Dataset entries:
•••••
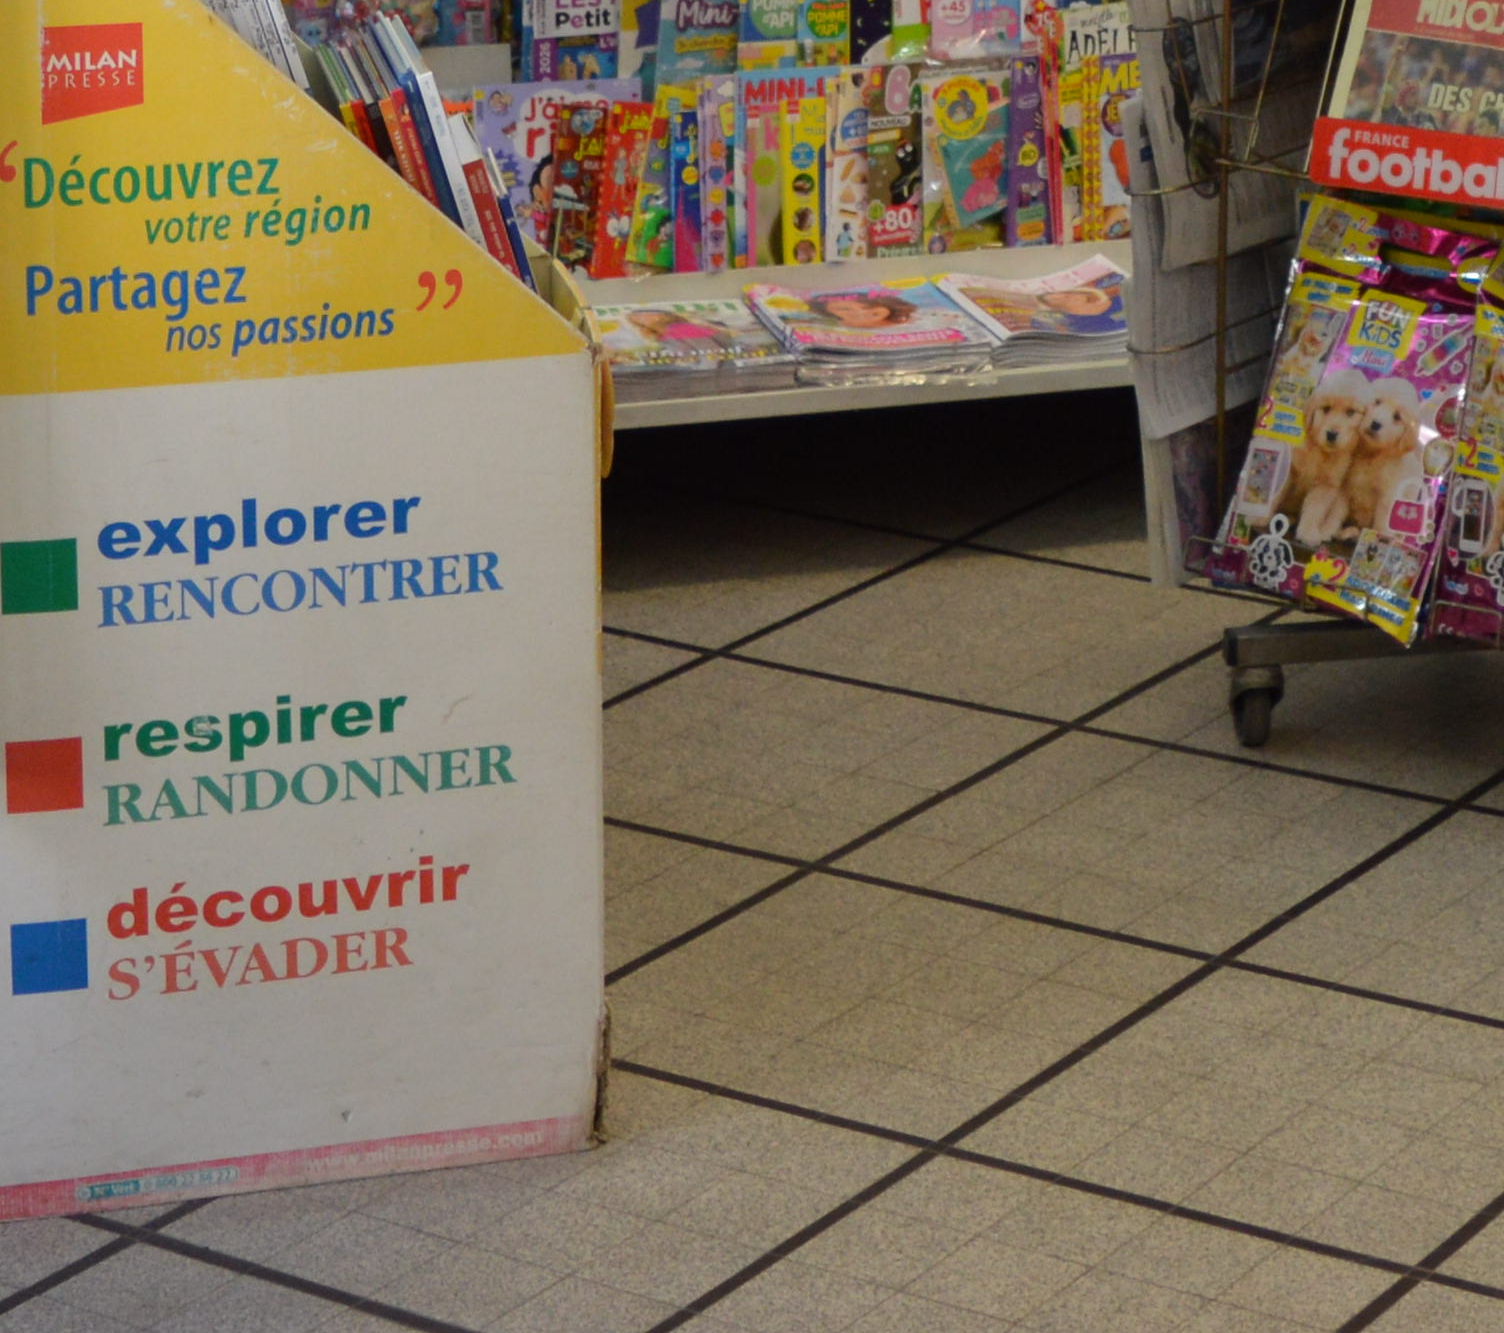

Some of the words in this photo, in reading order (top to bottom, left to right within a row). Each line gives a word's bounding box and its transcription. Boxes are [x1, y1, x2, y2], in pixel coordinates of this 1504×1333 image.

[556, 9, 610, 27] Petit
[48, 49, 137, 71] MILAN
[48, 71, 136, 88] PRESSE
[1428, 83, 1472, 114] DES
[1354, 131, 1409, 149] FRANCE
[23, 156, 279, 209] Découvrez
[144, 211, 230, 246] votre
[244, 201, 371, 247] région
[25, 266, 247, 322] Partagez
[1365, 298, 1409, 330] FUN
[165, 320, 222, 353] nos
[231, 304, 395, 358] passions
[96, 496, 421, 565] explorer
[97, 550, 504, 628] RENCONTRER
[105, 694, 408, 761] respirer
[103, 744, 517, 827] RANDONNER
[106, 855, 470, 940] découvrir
•••••
A faithful copy of every record is required, with no pictures included.

Some of the words in this photo, in reading order (top to bottom, left to right within a row). Each line gives a word's bounding box and its transcription. Boxes are [x1, y1, x2, y2], in pixel coordinates of this 1504×1333 image.

[556, 9, 610, 27] Petit
[48, 49, 137, 71] MILAN
[48, 71, 136, 88] PRESSE
[1428, 83, 1472, 114] DES
[1354, 131, 1409, 149] FRANCE
[23, 156, 279, 209] Découvrez
[144, 211, 230, 246] votre
[244, 201, 371, 247] région
[25, 266, 247, 322] Partagez
[1365, 298, 1409, 330] FUN
[165, 320, 222, 353] nos
[231, 304, 395, 358] passions
[96, 496, 421, 565] explorer
[97, 550, 504, 628] RENCONTRER
[105, 694, 408, 761] respirer
[103, 744, 517, 827] RANDONNER
[106, 855, 470, 940] découvrir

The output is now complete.